> [Referring expression grounding data]:
☆ ☆ ☆ ☆ ☆ ☆ ☆

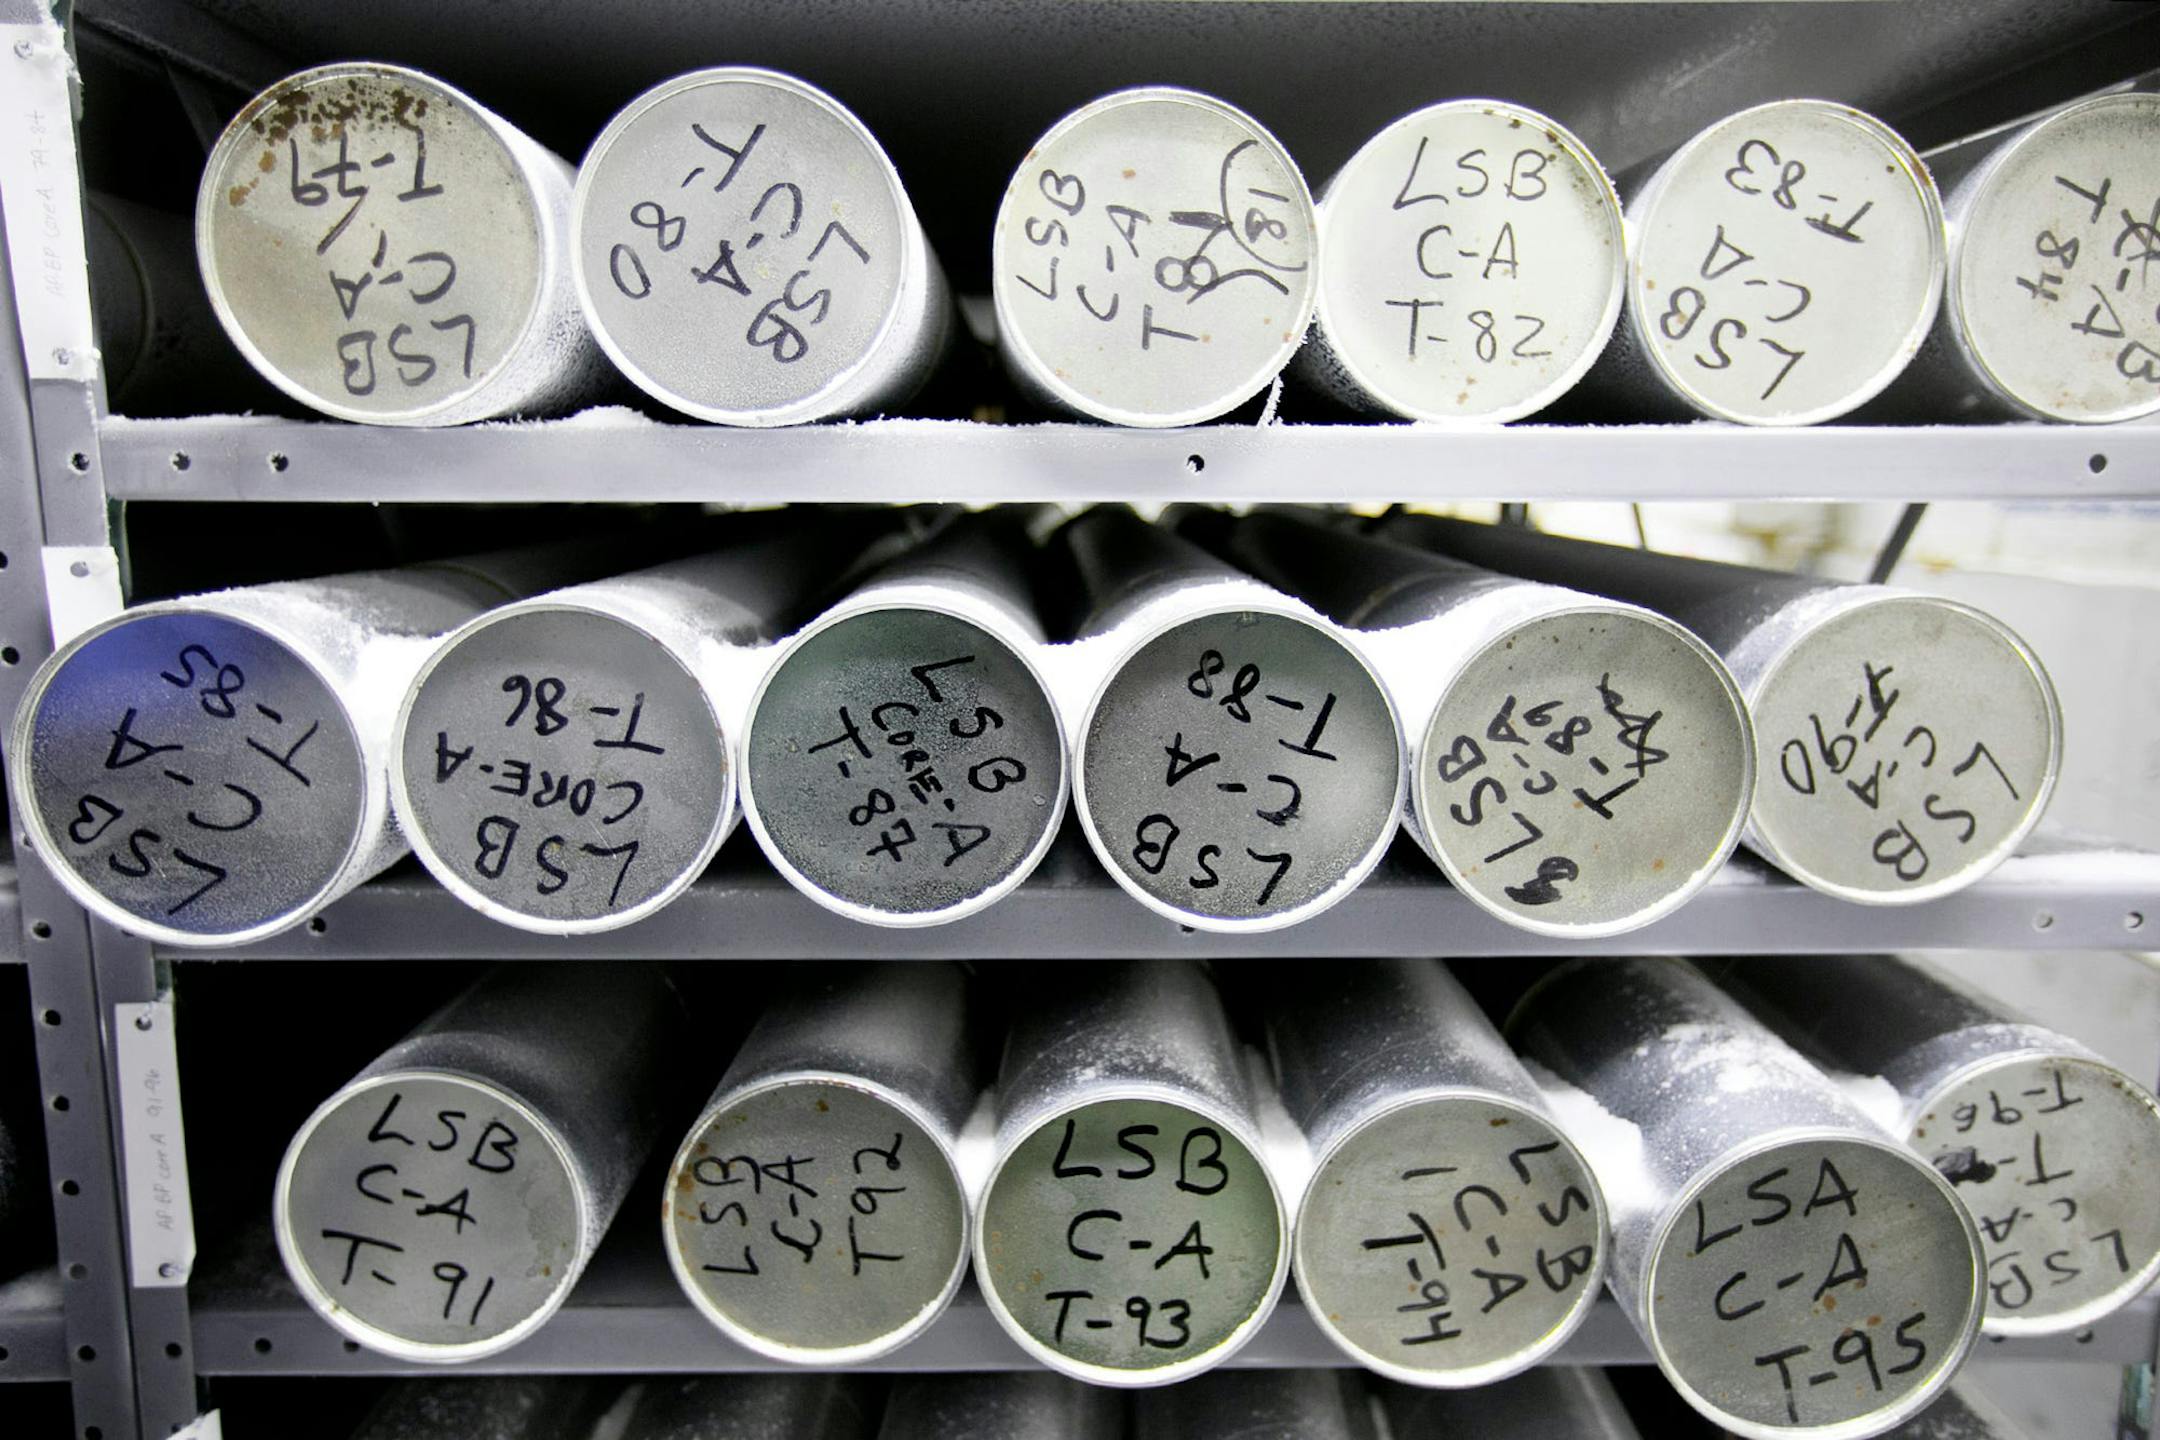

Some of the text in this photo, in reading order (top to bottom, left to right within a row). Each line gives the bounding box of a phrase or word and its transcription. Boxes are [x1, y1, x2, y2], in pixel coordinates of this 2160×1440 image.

[609, 123, 767, 300] T-80
[1393, 136, 1548, 210] LSB
[1725, 139, 1874, 244] T-83
[690, 182, 803, 296] C-A
[1016, 169, 1085, 300] LSB
[1076, 205, 1151, 322] C-A
[1416, 222, 1518, 280] C-A
[1700, 225, 1811, 322] C-A
[330, 252, 456, 319] C-A
[746, 221, 871, 363] LSB
[1385, 299, 1552, 363] T-82
[339, 315, 477, 394] LSB
[1660, 286, 1805, 401] LSB
[502, 674, 665, 755] T-86
[911, 655, 1027, 793] LSB
[1187, 649, 1337, 761] T-88
[1486, 695, 1558, 795] C-A
[105, 708, 262, 832] C-A
[436, 731, 644, 825] CORE-A
[807, 706, 918, 863] T-87
[871, 702, 992, 867] CORE-A
[1164, 732, 1301, 826] C-A
[1438, 735, 1544, 864] LSB
[1846, 725, 1937, 809] C-A
[1872, 741, 2020, 881] LSB
[69, 794, 227, 916] LSB
[475, 815, 640, 906] LSB
[1132, 813, 1292, 905] LSB
[368, 1093, 519, 1173] LSB
[1952, 1069, 2084, 1132] T-96
[356, 1164, 477, 1235] C-A
[1053, 1118, 1229, 1196] LSB
[1695, 1157, 1860, 1254] LSA
[693, 1155, 760, 1276] LSB
[761, 1154, 823, 1264] C-A
[1067, 1209, 1214, 1279] C-A
[1453, 1184, 1529, 1314] C-A
[1508, 1141, 1593, 1292] LSB
[1981, 1197, 2079, 1243] C-A
[321, 1229, 496, 1326] T-91
[1360, 1211, 1463, 1346] T-94
[1714, 1233, 1868, 1320] C-A
[1989, 1228, 2131, 1309] LSB
[1045, 1290, 1191, 1349] T-93
[1754, 1311, 1927, 1424] T-95

☆ ☆ ☆ ☆ ☆ ☆ ☆

> [PROBLEM STATEMENT]: What is needed is a word-for-word restatement of the entries, minus any pictures.

> [RESULT FOR THIS TASK]:
Some of the text in this photo, in reading order (top to bottom, left to right within a row). Each line gives the bounding box of a phrase or word and its transcription. Boxes are [x1, y1, x2, y2], in pixel coordinates of this 2160×1440 image.

[609, 123, 767, 300] T-80
[1393, 136, 1548, 210] LSB
[1725, 139, 1874, 244] T-83
[690, 182, 803, 296] C-A
[1016, 169, 1085, 300] LSB
[1076, 205, 1151, 322] C-A
[1416, 222, 1518, 280] C-A
[1700, 225, 1811, 322] C-A
[330, 252, 456, 319] C-A
[746, 221, 871, 363] LSB
[1385, 299, 1552, 363] T-82
[339, 315, 477, 394] LSB
[1660, 286, 1805, 401] LSB
[502, 674, 665, 755] T-86
[911, 655, 1027, 793] LSB
[1187, 649, 1337, 761] T-88
[1486, 695, 1558, 795] C-A
[105, 708, 262, 832] C-A
[436, 731, 644, 825] CORE-A
[807, 706, 918, 863] T-87
[871, 702, 992, 867] CORE-A
[1164, 732, 1301, 826] C-A
[1438, 735, 1544, 864] LSB
[1846, 725, 1937, 809] C-A
[1872, 741, 2020, 881] LSB
[69, 794, 227, 916] LSB
[475, 815, 640, 906] LSB
[1132, 813, 1292, 905] LSB
[368, 1093, 519, 1173] LSB
[1952, 1069, 2084, 1132] T-96
[356, 1164, 477, 1235] C-A
[1053, 1118, 1229, 1196] LSB
[1695, 1157, 1860, 1254] LSA
[693, 1155, 760, 1276] LSB
[761, 1154, 823, 1264] C-A
[1067, 1209, 1214, 1279] C-A
[1453, 1184, 1529, 1314] C-A
[1508, 1141, 1593, 1292] LSB
[1981, 1197, 2079, 1243] C-A
[321, 1229, 496, 1326] T-91
[1360, 1211, 1463, 1346] T-94
[1714, 1233, 1868, 1320] C-A
[1989, 1228, 2131, 1309] LSB
[1045, 1290, 1191, 1349] T-93
[1754, 1311, 1927, 1424] T-95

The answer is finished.